20世紀(jì)80年代,許多學(xué)者開始對(duì)血液濃聚物進(jìn)行深入研究,先后提出了具有代表性的富血小板血漿(platelet-rich plasma,PRP)和PRF。1997年Whitman等[1]提出將PRP應(yīng)用于頜面外科切除術(shù)后和口腔種植手術(shù)。雖然PRP可促進(jìn)組織修復(fù),但由于鈣離子和凝血酶的加入,可能引起潛在的疾病傳播和免疫原性危險(xiǎn)。新一代血小板濃聚物PRF,制備過(guò)程簡(jiǎn)單,并且不對(duì)血液作任何生化處理,是Choukroun于2000年在法國(guó)成功制取[2]。Choukroun通過(guò)回顧性研究得出,PRF在制備時(shí)緩慢聚合形成的纖維網(wǎng)接近生理狀態(tài),更有效地促進(jìn)細(xì)胞遷移、增殖和愈合,逐漸被運(yùn)用于骨科、頜面外科和口腔種植等領(lǐng)域。

2 PRF的制備方法

PRF制備方法便捷:用10 ml無(wú)抗凝劑的試管,采集自體血液樣本,立即以3000 r/min(約400g的離心力)離心10 min,PRF獲得于試管中部。用專門的工具分離出PRF凝塊,無(wú)菌金屬勺子[3]壓制成膜。
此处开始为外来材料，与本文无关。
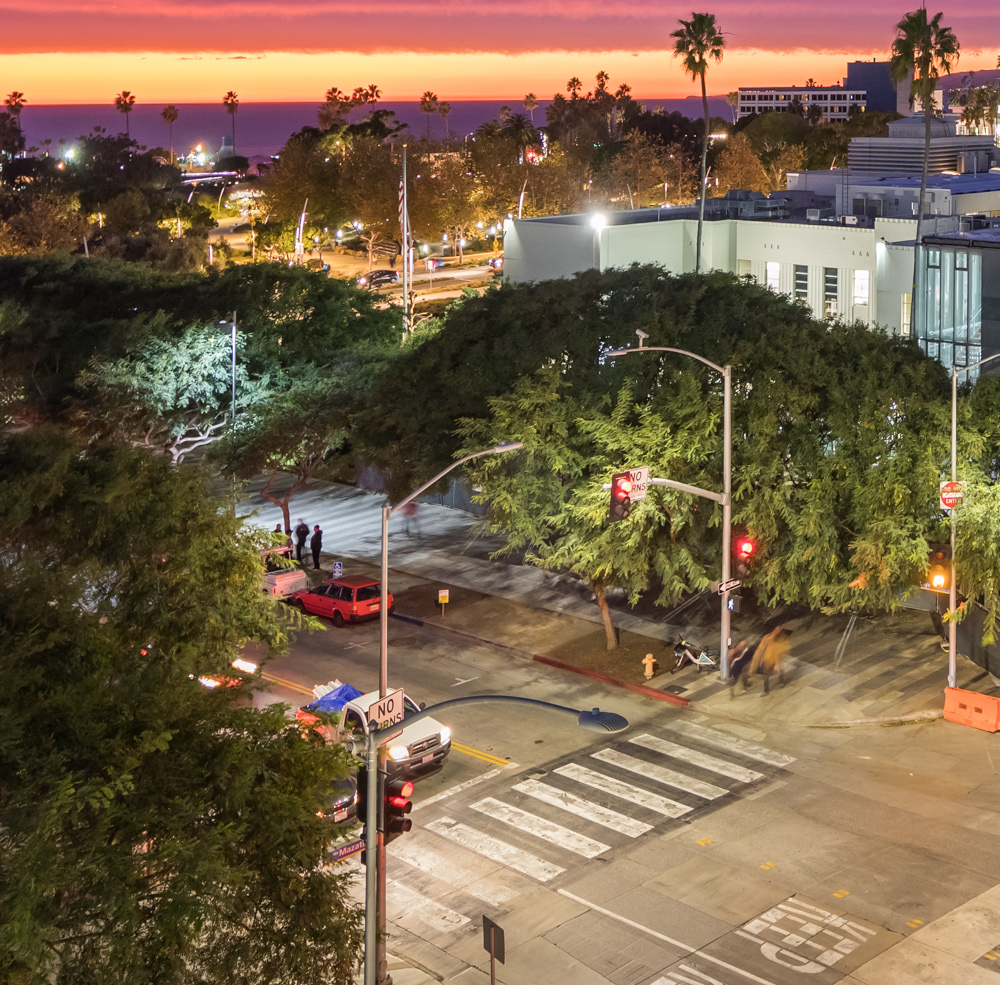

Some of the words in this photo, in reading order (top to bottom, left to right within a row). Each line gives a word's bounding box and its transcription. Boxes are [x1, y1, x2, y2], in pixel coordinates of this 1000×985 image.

[630, 472, 642, 482] NO
[632, 483, 646, 492] RNS
[378, 698, 394, 719] NO
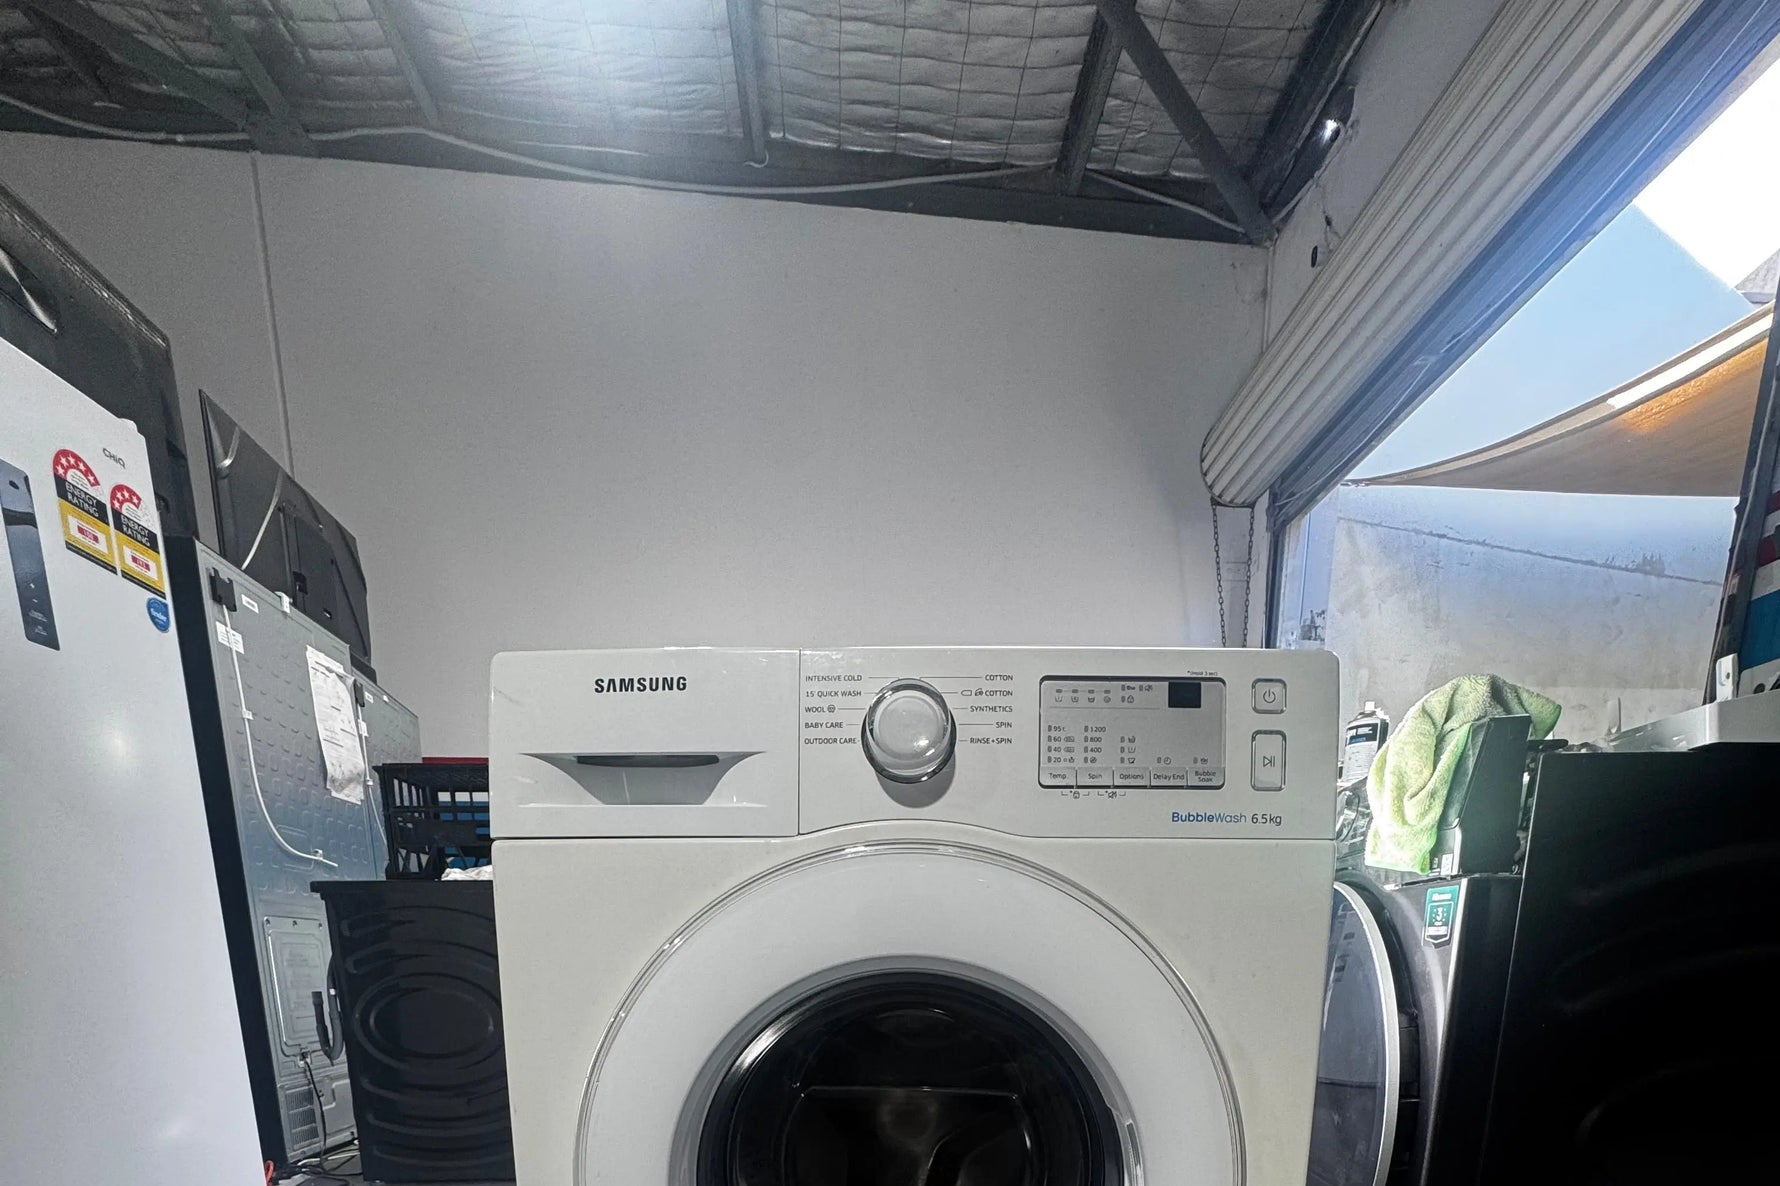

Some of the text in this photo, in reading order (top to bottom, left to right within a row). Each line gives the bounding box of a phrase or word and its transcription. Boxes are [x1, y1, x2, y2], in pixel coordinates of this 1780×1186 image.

[65, 480, 97, 507] ENERGY
[67, 494, 99, 517] RATING
[121, 514, 149, 537] ENERGY
[123, 525, 151, 547] RATING
[805, 674, 863, 682] INTENSIVE COLD
[594, 676, 687, 693] SAMSUNG
[984, 689, 1013, 697] COTTON
[970, 705, 1013, 713] SYNTHETICS
[804, 737, 857, 745] OUTDOOR CARE
[969, 737, 990, 745] RINSE
[1119, 773, 1144, 781] Options
[1152, 773, 1172, 781] Delay
[1171, 811, 1282, 826] BubbleWash 6.5kg
若同時(shí)需制備8～16塊PRF膜時(shí),最好選用Dr.Joseph Choukroun 設(shè)計(jì)的PRF工具盒(Process,Nice)操作較便捷,并且壓力溫和、緩慢、均一,使PRF被滲出液浸濕保持相應(yīng)的濕度,避免了抽拽導(dǎo)致的重要血小板生長(zhǎng)因子,如血小板衍生因子AB(platelet-derived growth factor AB,PDGF-AB)丟失,但對(duì)血管內(nèi)皮生長(zhǎng)因子(vascular endothelial growth factor,VEGF)和轉(zhuǎn)化生長(zhǎng)因子β-1(transforming growth factor β-1,TGFβ-1)沒有影響[4]。制備可得到堅(jiān)固稠密的自體纖維蛋白膜[1]或者柱形凝塊。臨床上獲取有效PRF凝塊的關(guān)鍵在于血液采集和離心速度；時(shí)間過(guò)長(zhǎng)可能失敗:纖維蛋白將以發(fā)散的方式在試管里聚合,所得為低濃度的小部分血凝塊。PRF制備方法提出時(shí),是以人為采集對(duì)象,推論于實(shí)驗(yàn)動(dòng)物就值得注意血管有無(wú)足夠的壓力和容量。Dohan等[5]對(duì)多個(gè)物種進(jìn)行嚴(yán)格的PRF采集制備,發(fā)現(xiàn)兔子除致死率高的心內(nèi)采血外,其余各個(gè)部位血管都不能實(shí)行均一和快速的采集,從而無(wú)法得到穩(wěn)定的纖維蛋白聚合,大量紅細(xì)胞附和其中,應(yīng)盡量避免選用。優(yōu)先選擇大型動(dòng)物,如比格犬、狒狒、豬或者更大的馬、山羊等。

3 PRF的主要成分和立體結(jié)構(gòu)

3.1主要成分 PRF在離心過(guò)程中血小板被激活,在損傷區(qū)域聚合和凝血機(jī)制交互作用,成為啟動(dòng)和幫助止血的基礎(chǔ)。脫顆粒作用下,重要的細(xì)胞因子被釋放:最有效力的纖維化劑TGFβ,影響PRF的空間結(jié)構(gòu),可作為炎癥調(diào)節(jié)劑[6]；遷移、增殖和間質(zhì)細(xì)胞生存的重要的調(diào)節(jié)劑PDGF[7],根據(jù)特異性受體的分布誘導(dǎo)興奮這些細(xì)胞,該調(diào)節(jié)節(jié)點(diǎn)是各種組織改建機(jī)制的基礎(chǔ)[8]；細(xì)胞保護(hù)劑胰島素增長(zhǎng)因子(insulin-like growth factors,IGF),積極地調(diào)節(jié)細(xì)胞增殖、分化和凋亡程序,誘導(dǎo)生存信號(hào)保護(hù)細(xì)胞[9]。上述3種主要的血小板細(xì)胞因子在初期愈合機(jī)制里尤為重要。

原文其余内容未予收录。